- [Stored data entries]

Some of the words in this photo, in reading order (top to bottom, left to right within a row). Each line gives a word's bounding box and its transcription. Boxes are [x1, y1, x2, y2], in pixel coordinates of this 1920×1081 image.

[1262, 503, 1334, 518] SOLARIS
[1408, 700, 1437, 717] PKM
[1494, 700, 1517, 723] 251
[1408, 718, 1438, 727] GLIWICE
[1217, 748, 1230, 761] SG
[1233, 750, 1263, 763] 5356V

- [Requirement] Every entry in the data should be returned exactly.

- [Answer box]
Some of the words in this photo, in reading order (top to bottom, left to right within a row). Each line gives a word's bounding box and its transcription. Boxes are [x1, y1, x2, y2], in pixel coordinates of this 1920×1081 image.

[1262, 503, 1334, 518] SOLARIS
[1408, 700, 1437, 717] PKM
[1494, 700, 1517, 723] 251
[1408, 718, 1438, 727] GLIWICE
[1217, 748, 1230, 761] SG
[1233, 750, 1263, 763] 5356V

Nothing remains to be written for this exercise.